The Supreme Court properly granted the defendant's motion to dismiss the breach of contract cause of action since the record clearly establishes that the parties did not intend the purported oral agreement to be binding until it was reduced to writing and signed by both of them (Scheck v Francis, 26 N.Y.2d 466; Daly v Becker, 109 A.D.2d 651; Cohrn v Sadler, 147 A.D.2d 922). Moreover, essential terms, such as the specific nature of the services to be provided, the manner in which the plaintiff would be compensated, the method and means of termination, indemnification, confidentiality and the length of time required for the exclusivity of the plaintiff's services, had yet to be negotiated. Since any reliance by the plaintiff upon this alleged oral promise was, therefore, unreasonable and unwarranted, the plaintiff's claim of promissory estoppel is similarly unavailing (Wurmfeld Assocs. v Harlem Interfaith Counseling Servs., 179 A.D.2d 502, lv dismissed 79 N.Y.2d 1027; Sanyo Elec. v Pinros Gar Corp., 174 A.D.2d 452).
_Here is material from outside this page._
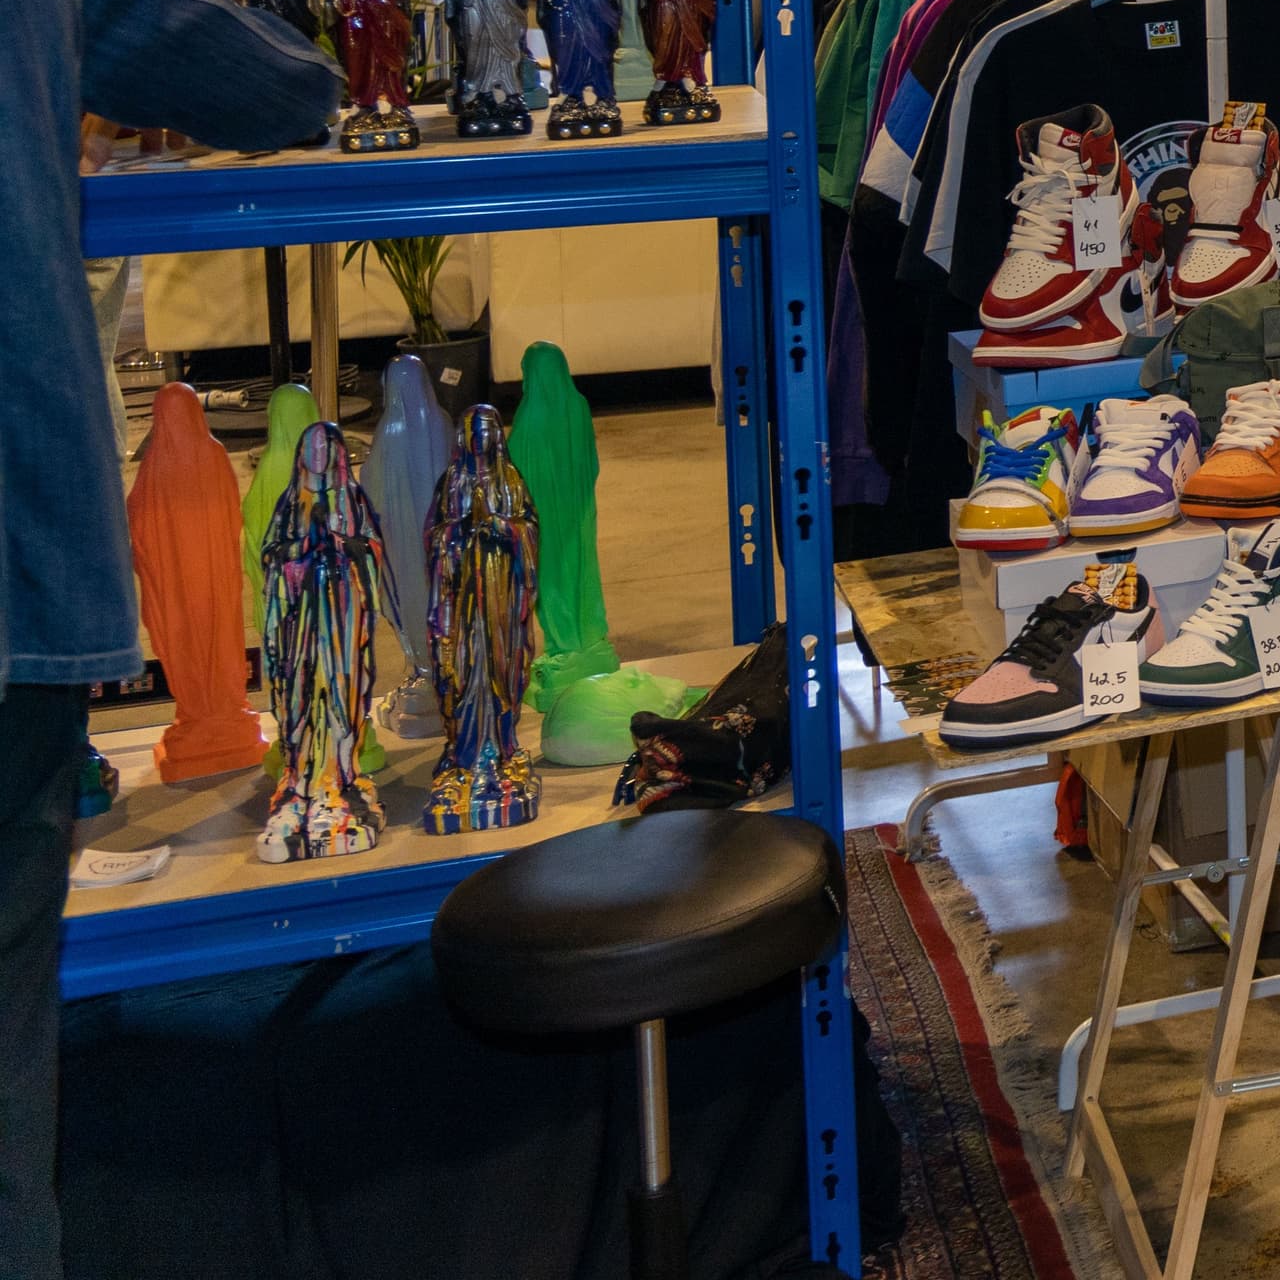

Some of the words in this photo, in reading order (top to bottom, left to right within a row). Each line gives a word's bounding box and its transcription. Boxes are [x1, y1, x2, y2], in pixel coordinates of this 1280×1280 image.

[1080, 241, 1106, 256] 450
[1089, 671, 1127, 686] 42.5
[1090, 693, 1125, 707] 200
It was error, however, to dismiss the cause of action for fraud. In order to maintain an action for fraudulent misrepresentation, the plaintiff must show that the defendant made a representation of material existing fact, falsity, scienter, deception and injury (Channel Master Corp. v Aluminium Ltd. Sales, 4 N.Y.2d 403, 406-407).
Considering the plaintiff's allegations as true, the parties orally agreed to enter into a written contract. However, prior to sending the plaintiff this contract, the defendant, in an inter-office correspondence, stated its intention not to employ the plaintiff except when needed under exceptional circumstances. The plaintiff refused to sign the subsequently written contract that was delivered for its signature. As evidenced by this inter-office memorandum, the defendant orally agreed to enter into an employment contract with the plaintiff knowing it would renege.
The plaintiff's fraud claim is not, therefore, based on its breach of contract claim but rather on the defendant's act of concealing its intention to renege on the agreement soon after entering into it (see, Brown v Lockwood, 76 A.D.2d 721, 731-732). The fact that we find the oral agreement unenforceable does not preclude the defendant's liability in tort for fraudulently misrepresenting itself as intending to perform the agreement (Channel Master Corp. v Aluminium Ltd. Sales, supra, at 408).
Since the plaintiff further alleged that it was injured by the defendant's representation, in that it turned down assignments from competitors of the defendant, a cause of action for fraud was stated.
Concur — Sullivan, J.P., Rosenberger, Wallach and Kupferman, JJ.